(  _  ) (  \ /  ) (  _  )  0 × F
     (     ) (  / \  ) (  )  

game dev log

motivations

while i was recovering from surgery in bed for a month i played a lot of minecraft. i've been a fan since the game was in alpha, and i don't think i've played any game more often. i also realized that upon recovering from surgery, i would have no job or degree and that i would be losing my health insurance. so i'd need some sort of marketable skill to get paid for, and i figured 'why don't i make a game.' the next question i asked myself, then, was 'what sort of game would i make?' and then 'what do i even find fun about games to begin with?' minecraft has lots of different aspects that appeal to people of course, but i figured i would start by narrowing down what i enjoy about it. notably, when i start a new game in survival mode, after making a bare necessity house, i don't bother upgrading it right away. instead i start to save up resources based on an idea for a finished house. a few of my friends played on a server with me, and they both had large but unfinished wood houses, whereas i went out of my way to manufacture and collect stuff that would let me build something appealing of a specific size out of say, white terracotta and deepslate bricks. so i think for myself, the aspect of adventuring out into the world and collecting resources, and then the aspect of planning out builds, i find very appealing. i've always been a fan of games with 'level editors': minecraft, little big planet, tony hawk's american wasteland, halo 3's forge mode. so i think the ability to remake the environment is a must-have for my game to be enjoyable to myself.

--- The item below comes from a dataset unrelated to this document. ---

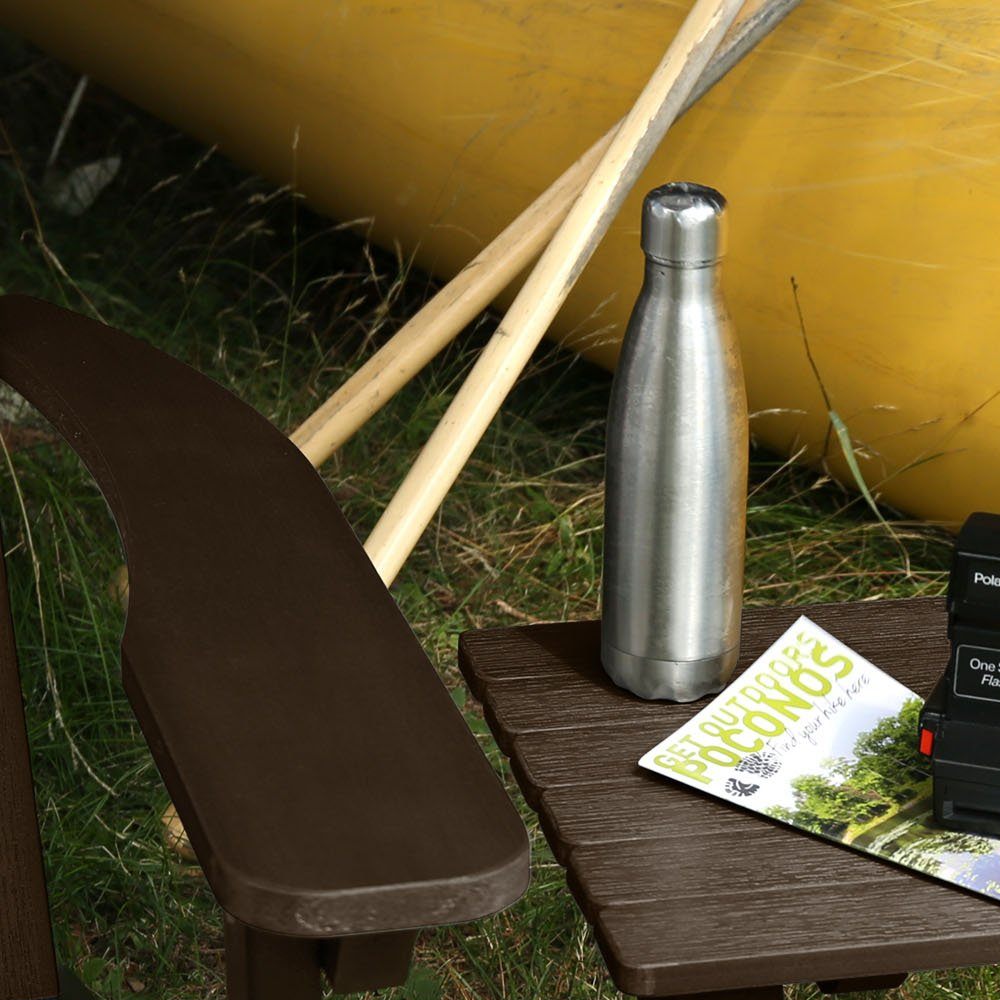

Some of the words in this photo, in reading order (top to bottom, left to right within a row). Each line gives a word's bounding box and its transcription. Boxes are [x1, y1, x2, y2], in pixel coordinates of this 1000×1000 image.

[970, 657, 996, 673] One
[672, 638, 854, 784] POCONOS
[653, 734, 703, 770] GET

in addition to playing minecraft for a month straight, i did a lot of idle thinking about other topics. i read about quantum circuits and the challenges posed by limited qubits, and thought about how minecraft players are incentivised towards making their redstone circuits efficient due to the high cost of mining resources. i read about genetic programming, strange loops, tamagotchi, new advances in ai algorithms, esolangs, albert camus, retro handheld consoles, death and grief, ancient wayfinding tools, busy beavers. i tried to connect it all in my mind to make something cohesive but i haven't succeeded quite yet.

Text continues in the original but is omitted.